Any pictures should be dropped; everything else in the records is to be returned exactly.

RECORDS SHOWN:
******************************

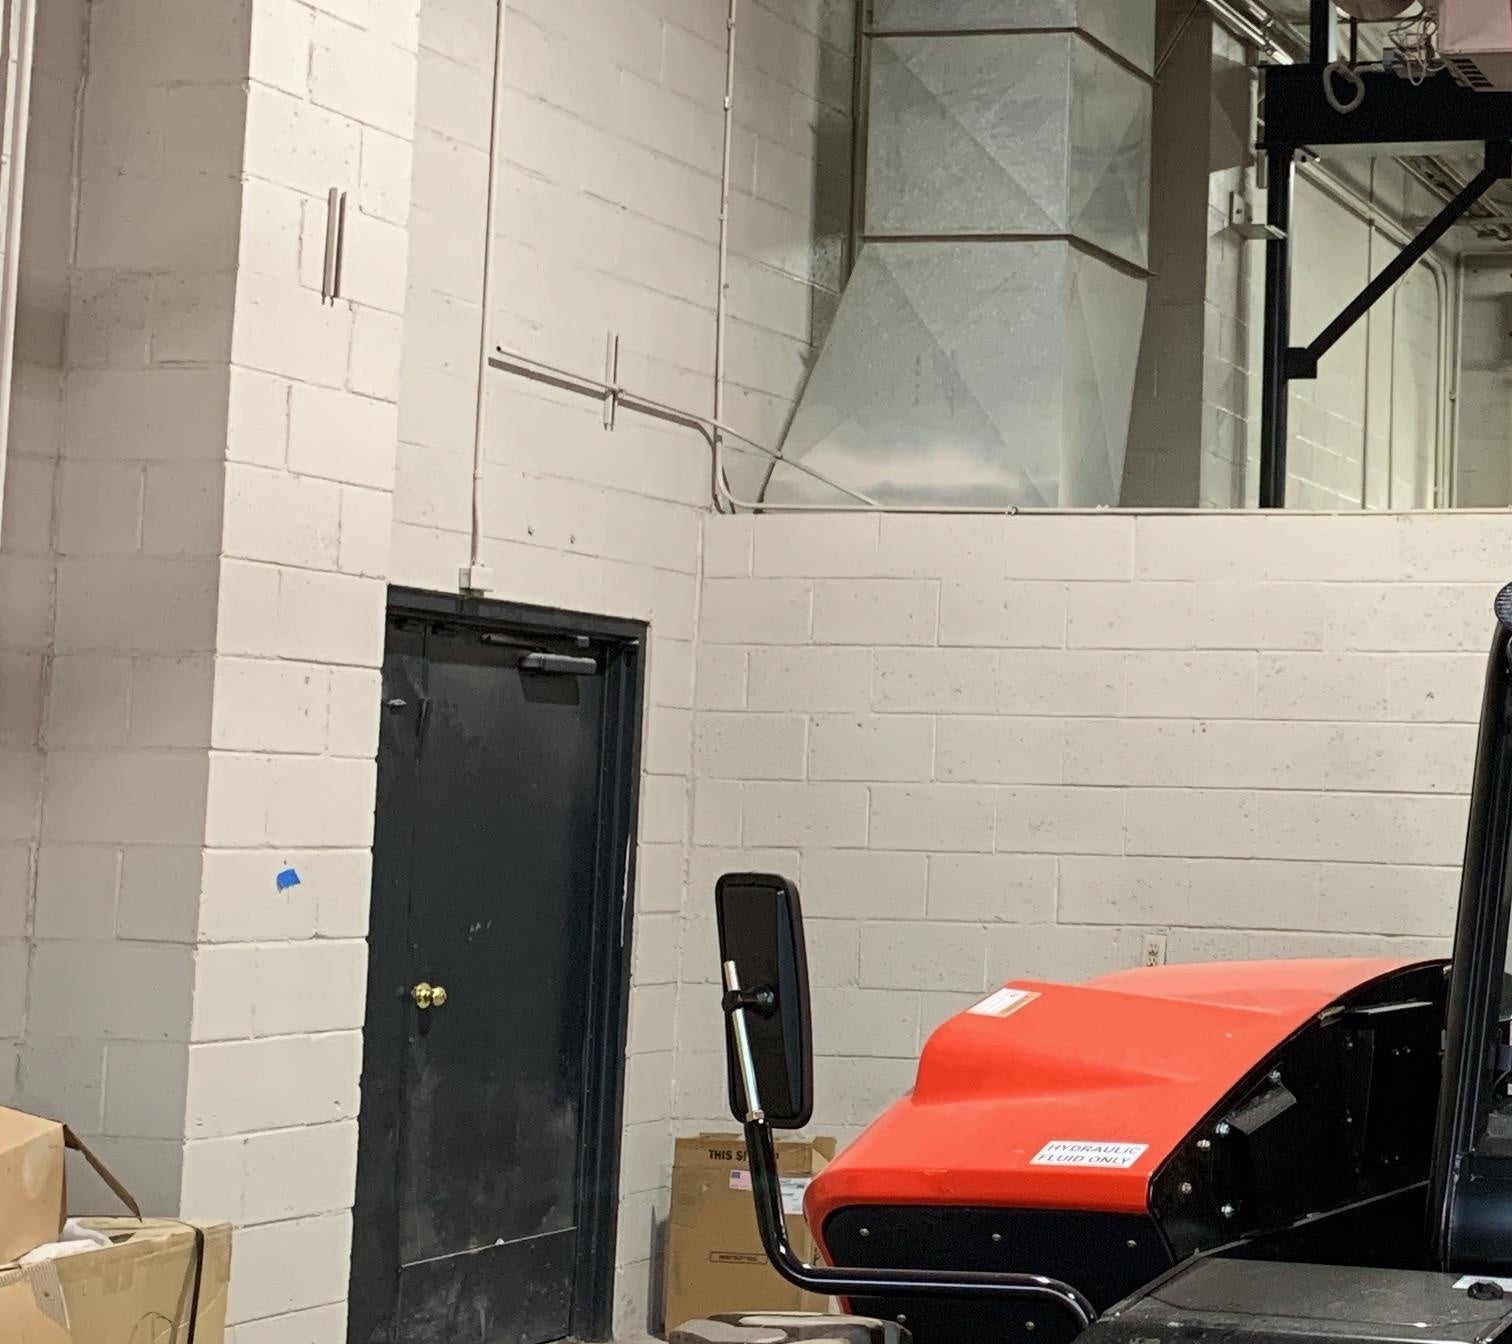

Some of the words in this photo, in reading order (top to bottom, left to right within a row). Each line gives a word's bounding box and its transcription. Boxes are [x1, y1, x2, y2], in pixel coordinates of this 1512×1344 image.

[708, 1149, 733, 1160] THIS
[1046, 1144, 1142, 1155] HYDRAULIC
[1037, 1154, 1085, 1162] FLUID
[1088, 1155, 1132, 1164] ONLY
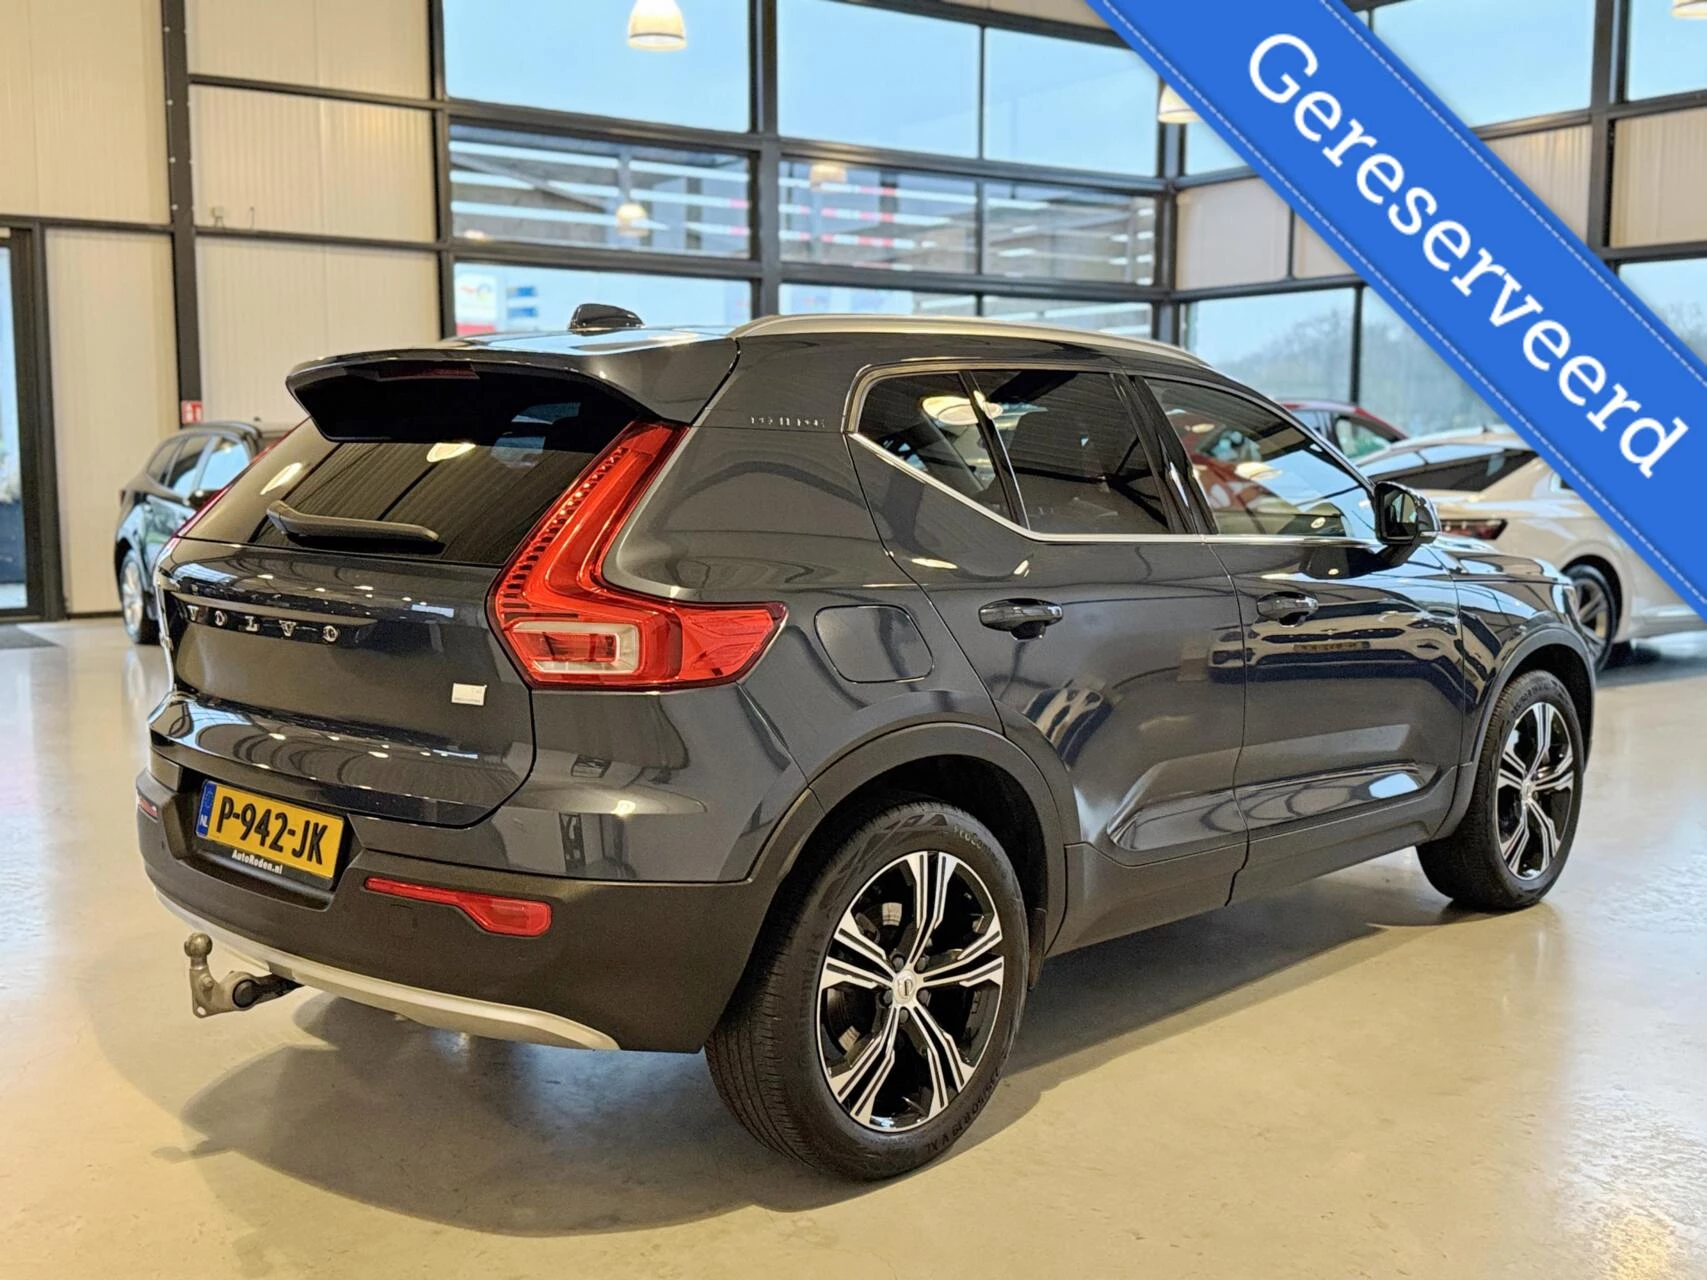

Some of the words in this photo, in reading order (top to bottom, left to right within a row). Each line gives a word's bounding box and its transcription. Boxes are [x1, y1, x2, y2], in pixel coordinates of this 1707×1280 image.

[187, 605, 339, 642] VOLVO
[200, 814, 208, 828] NL
[216, 795, 328, 866] P-942-JK
[231, 849, 283, 875] AutoRoden.nl
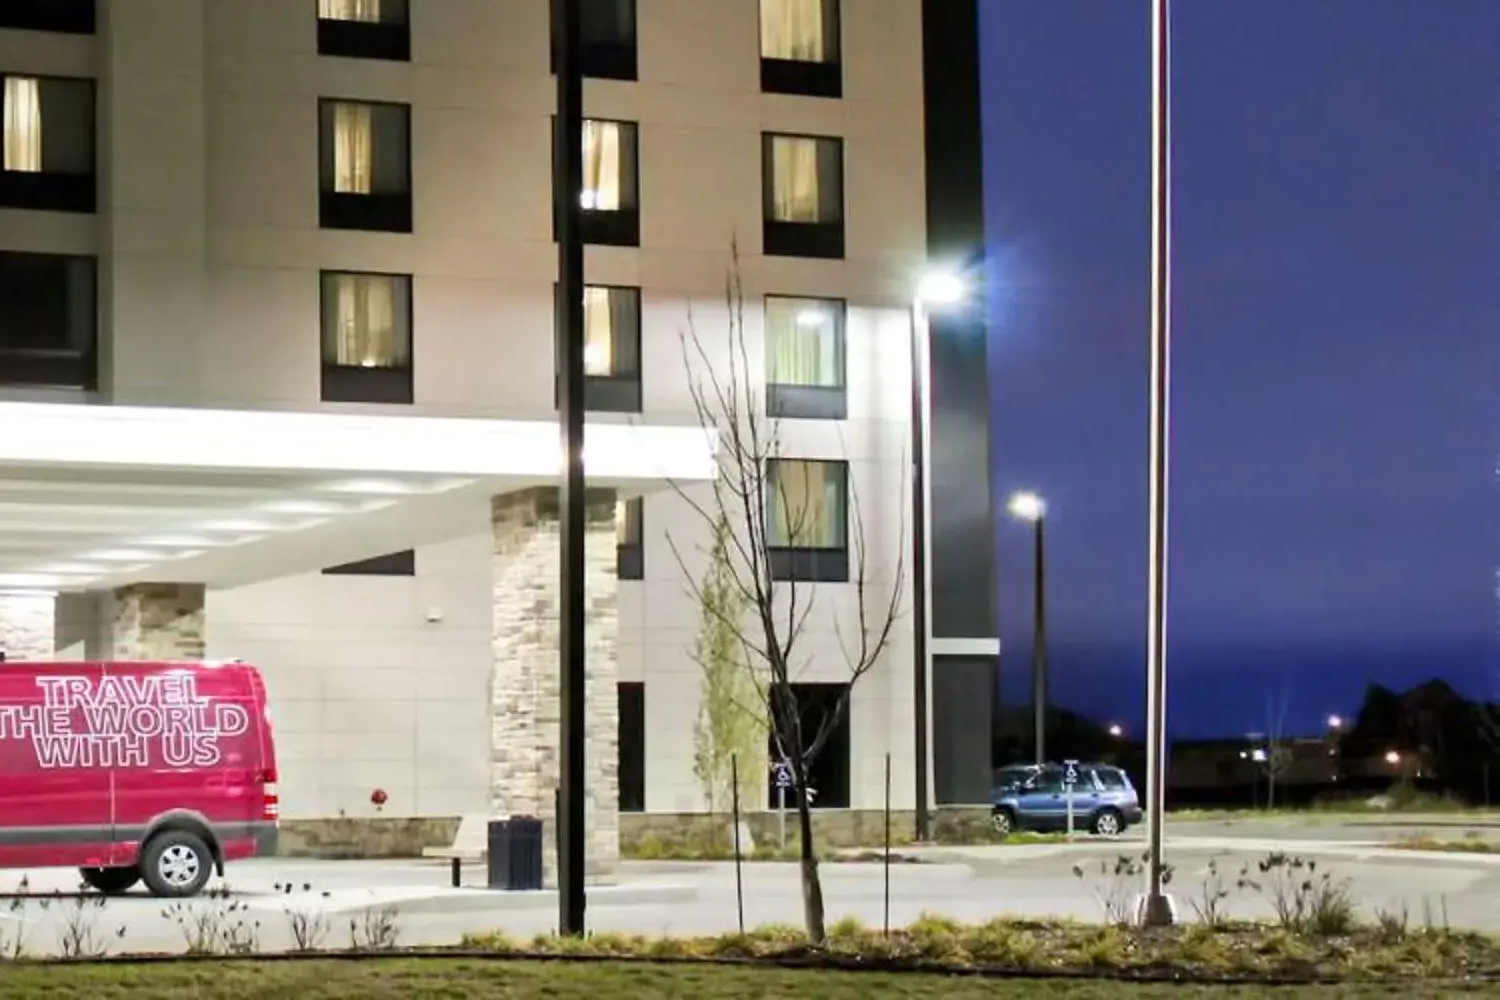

******************************

OUTPUT BELOW:
Some of the words in this photo, in reading order (top to bottom, left to right within a row). Each line gives a word's bounding box and its transcription. Boxes are [x1, y1, x2, y2], in pixel coordinates of this 1512×1344 image.

[708, 1149, 733, 1160] THIS
[1046, 1144, 1142, 1155] HYDRAULIC
[1037, 1154, 1085, 1162] FLUID
[1088, 1155, 1132, 1164] ONLY

Some of the words in this photo, in reading order (top to bottom, left to right within a row). Each line gives a word's bounding box and its transcription. Boxes are [x1, y1, x2, y2], in pixel coordinates of this 1707×1280 image.

[187, 605, 339, 642] VOLVO
[200, 814, 208, 828] NL
[216, 795, 328, 866] P-942-JK
[231, 849, 283, 875] AutoRoden.nl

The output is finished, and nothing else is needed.